All pictures are to be excluded when the data below is output verbatim.

◆ Records from a dataset
=== Section Start ===

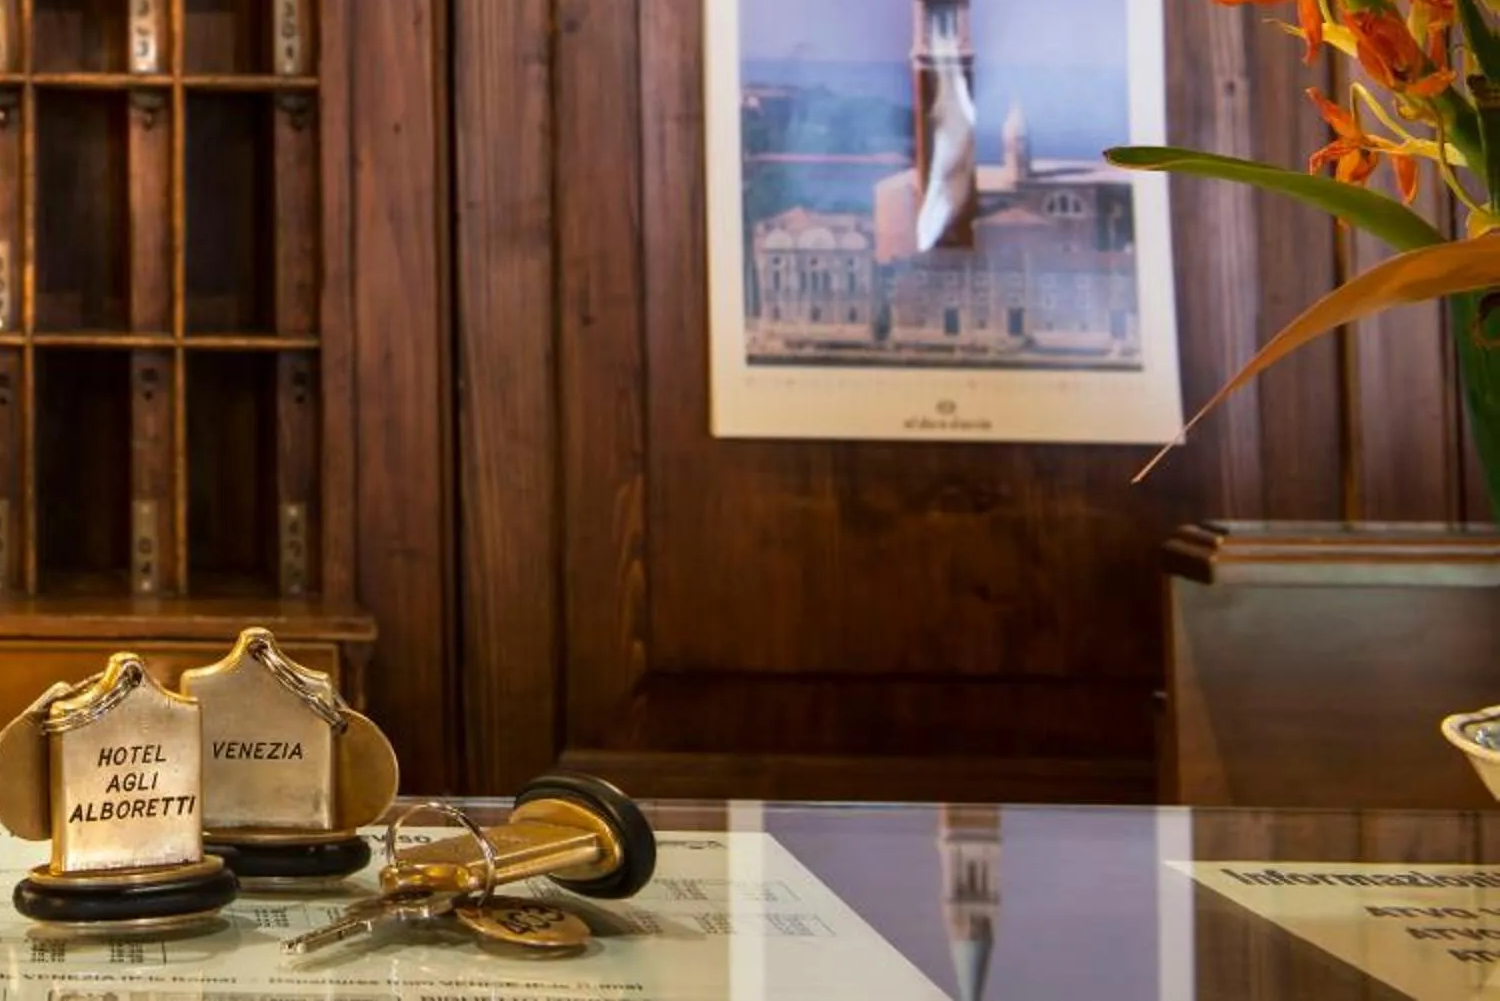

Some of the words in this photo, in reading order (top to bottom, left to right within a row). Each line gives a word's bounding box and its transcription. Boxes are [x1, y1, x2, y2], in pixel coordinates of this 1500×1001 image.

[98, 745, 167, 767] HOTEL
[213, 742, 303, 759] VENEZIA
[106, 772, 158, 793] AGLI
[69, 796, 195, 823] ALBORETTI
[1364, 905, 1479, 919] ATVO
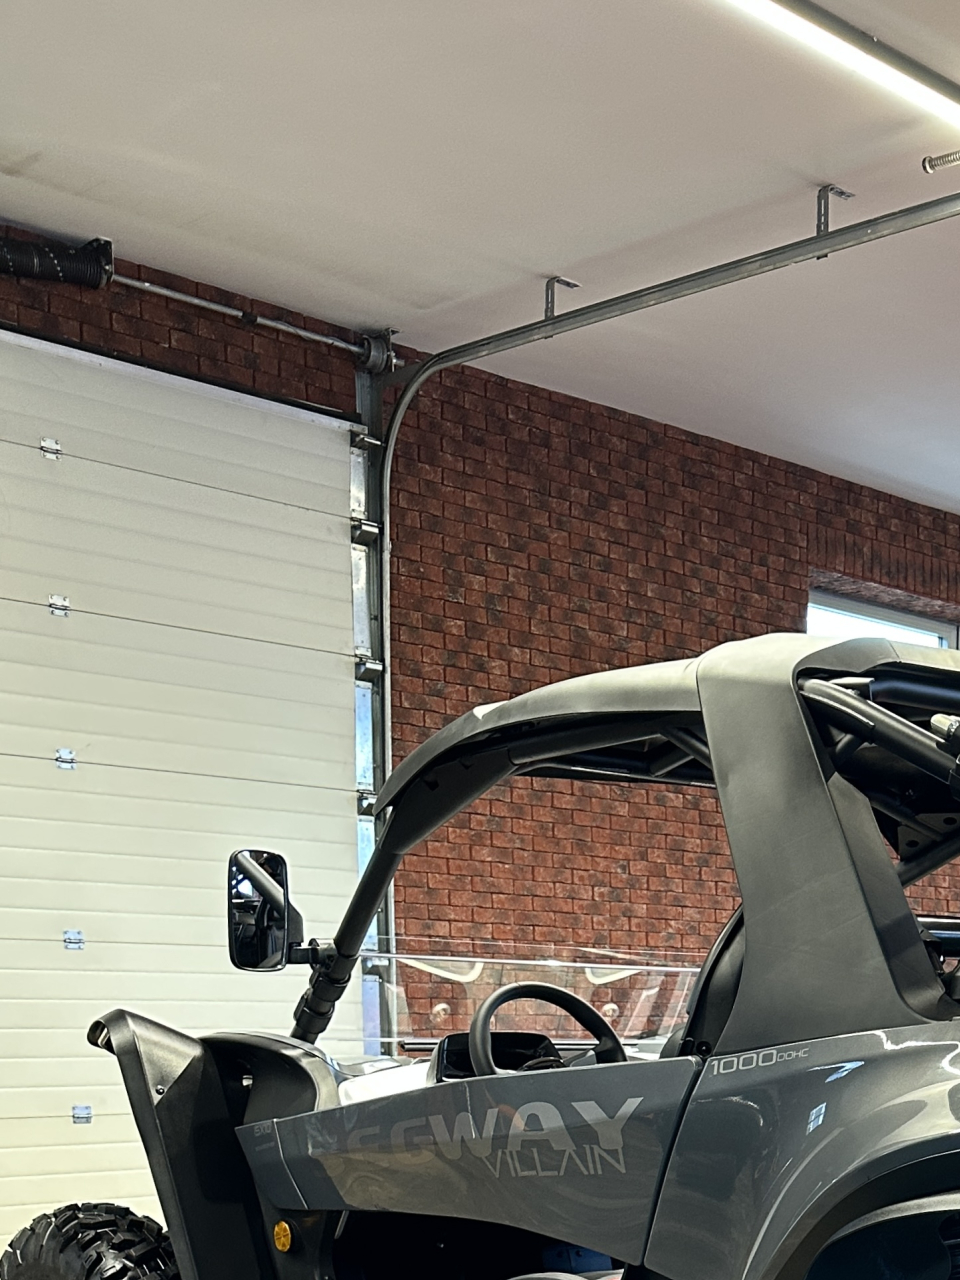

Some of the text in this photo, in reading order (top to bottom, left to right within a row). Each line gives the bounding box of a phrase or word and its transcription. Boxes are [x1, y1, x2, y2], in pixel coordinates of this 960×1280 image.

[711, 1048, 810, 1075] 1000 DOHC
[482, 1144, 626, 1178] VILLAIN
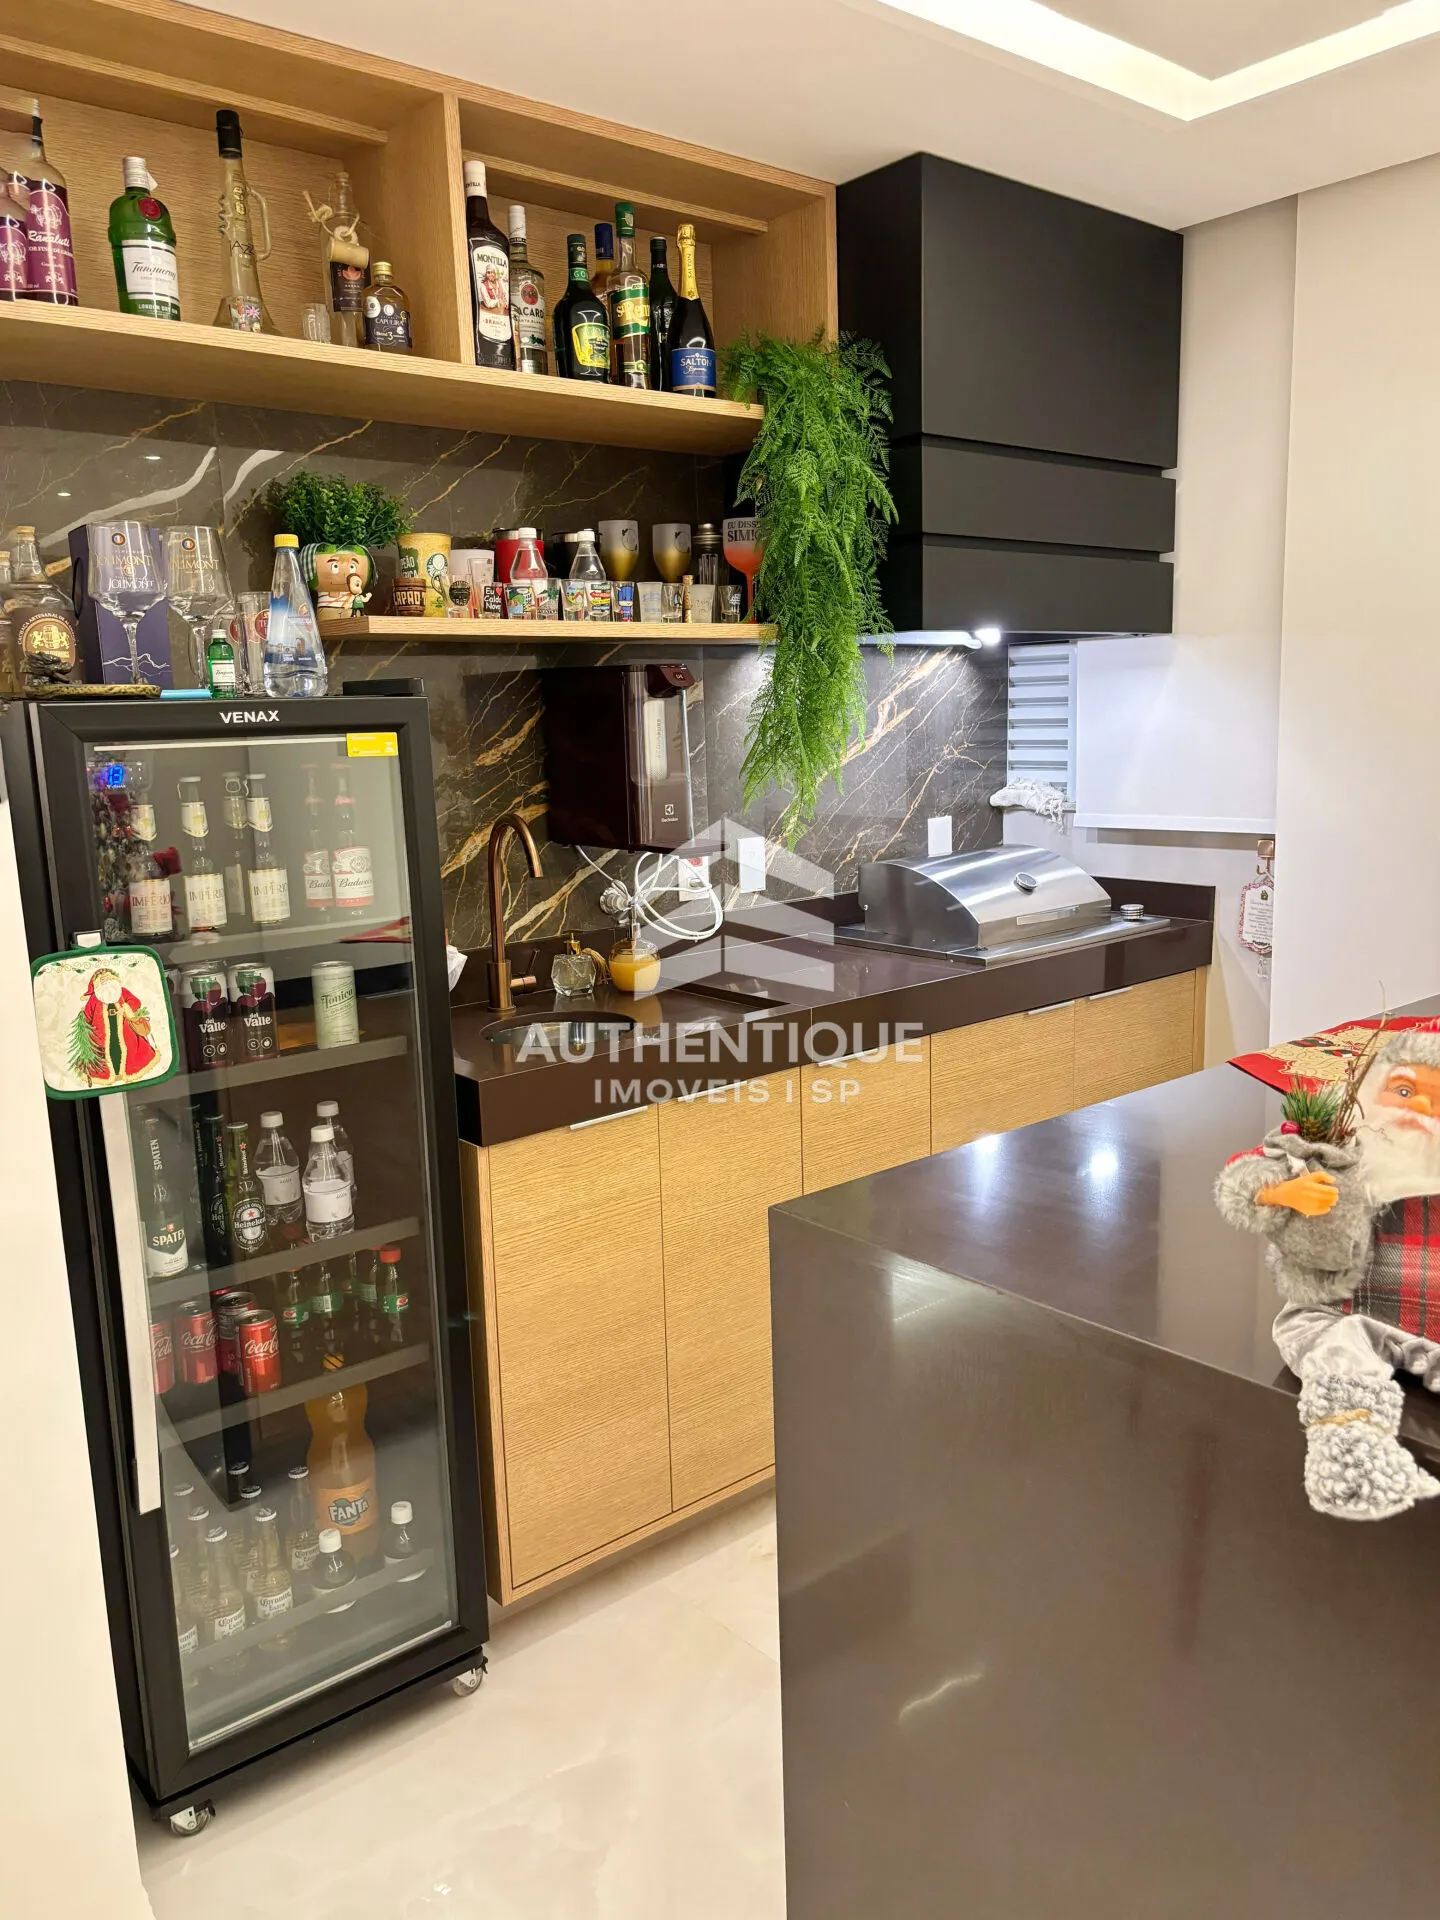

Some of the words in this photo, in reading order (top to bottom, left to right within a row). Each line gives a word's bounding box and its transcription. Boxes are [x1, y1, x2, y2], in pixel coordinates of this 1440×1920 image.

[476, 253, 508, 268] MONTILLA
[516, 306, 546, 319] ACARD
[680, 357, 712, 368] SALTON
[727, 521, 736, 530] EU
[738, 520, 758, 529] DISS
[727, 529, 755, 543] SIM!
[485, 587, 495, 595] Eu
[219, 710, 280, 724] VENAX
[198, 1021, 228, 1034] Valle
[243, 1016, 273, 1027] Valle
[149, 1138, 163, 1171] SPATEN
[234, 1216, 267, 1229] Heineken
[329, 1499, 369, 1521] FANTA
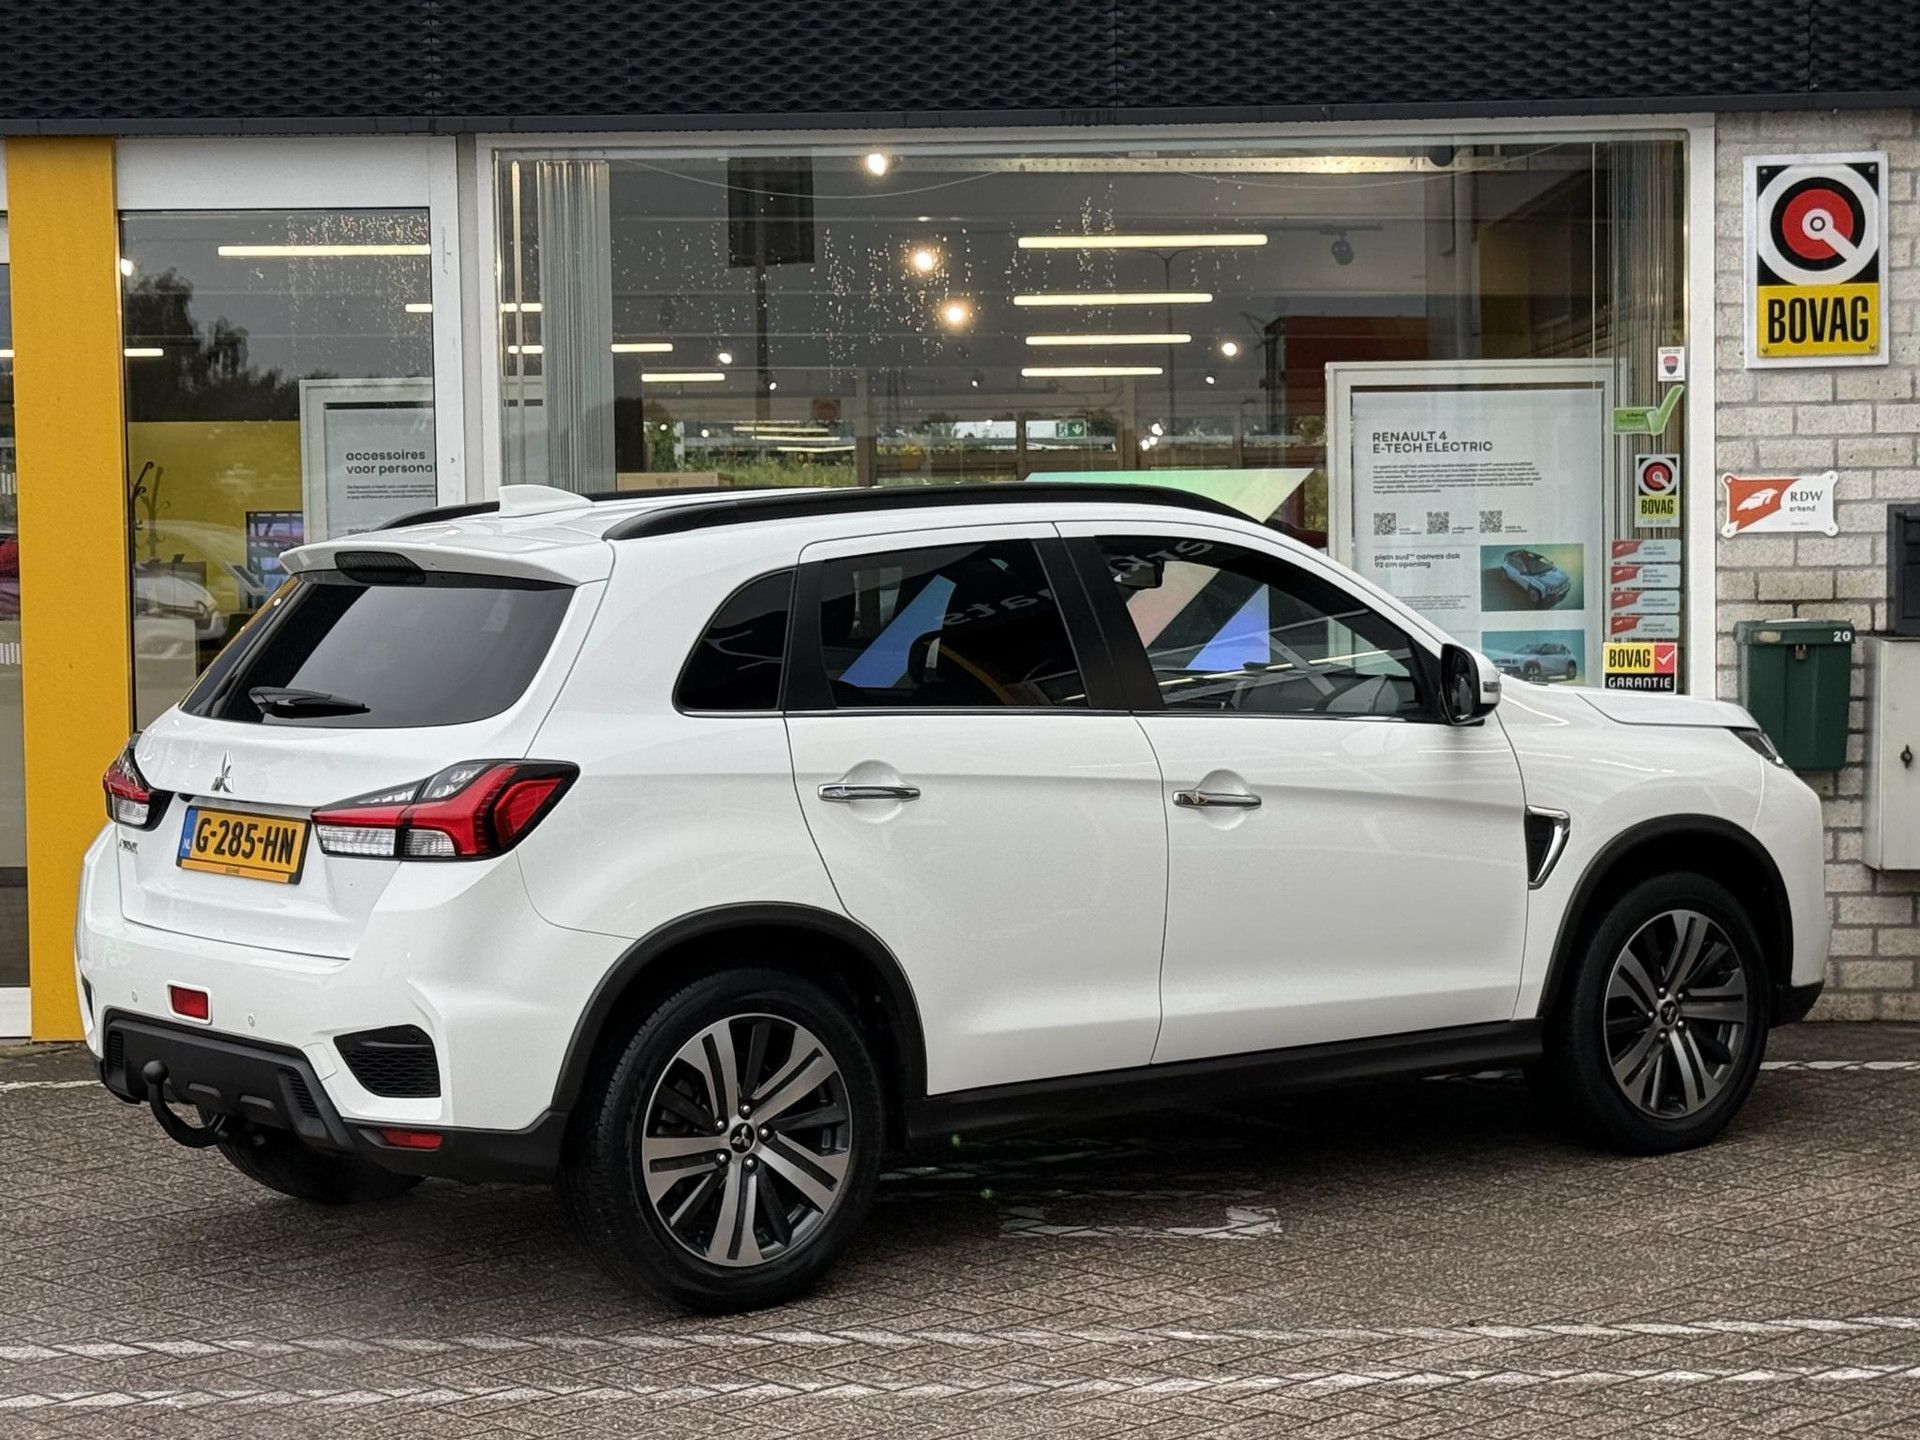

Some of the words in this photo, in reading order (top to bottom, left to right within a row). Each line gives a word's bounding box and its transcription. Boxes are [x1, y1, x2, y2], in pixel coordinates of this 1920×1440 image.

=== Section End ===

◆ THE COMPLETED TASK
Some of the words in this photo, in reading order (top to bottom, left to right within a row). Each line gives a word's bounding box and its transcription. Boxes are [x1, y1, x2, y2], in pixel coordinates of this 1500×1001 image.

[98, 745, 167, 767] HOTEL
[213, 742, 303, 759] VENEZIA
[106, 772, 158, 793] AGLI
[69, 796, 195, 823] ALBORETTI
[1364, 905, 1479, 919] ATVO

Some of the text in this photo, in reading order (top to bottom, left to right within a row). Each line gives the bounding box of a phrase or word and its transcription. Boxes are [x1, y1, x2, y2], in pixel coordinates of this 960×1280 image.

[711, 1048, 810, 1075] 1000 DOHC
[482, 1144, 626, 1178] VILLAIN

Some of the words in this photo, in reading order (top to bottom, left to right within a row). Each line gives a word's bounding box and its transcription. Boxes are [x1, y1, x2, y2], in pixel coordinates of this 1440×1920 image.

[476, 253, 508, 268] MONTILLA
[516, 306, 546, 319] ACARD
[680, 357, 712, 368] SALTON
[727, 521, 736, 530] EU
[738, 520, 758, 529] DISS
[727, 529, 755, 543] SIM!
[485, 587, 495, 595] Eu
[219, 710, 280, 724] VENAX
[198, 1021, 228, 1034] Valle
[243, 1016, 273, 1027] Valle
[149, 1138, 163, 1171] SPATEN
[234, 1216, 267, 1229] Heineken
[329, 1499, 369, 1521] FANTA

Some of the words in this photo, in reading order (top to bottom, left to right within a row). Each line gives a word's bounding box and its transcription. Boxes are [x1, y1, x2, y2], in pixel coordinates of this 1920×1440 image.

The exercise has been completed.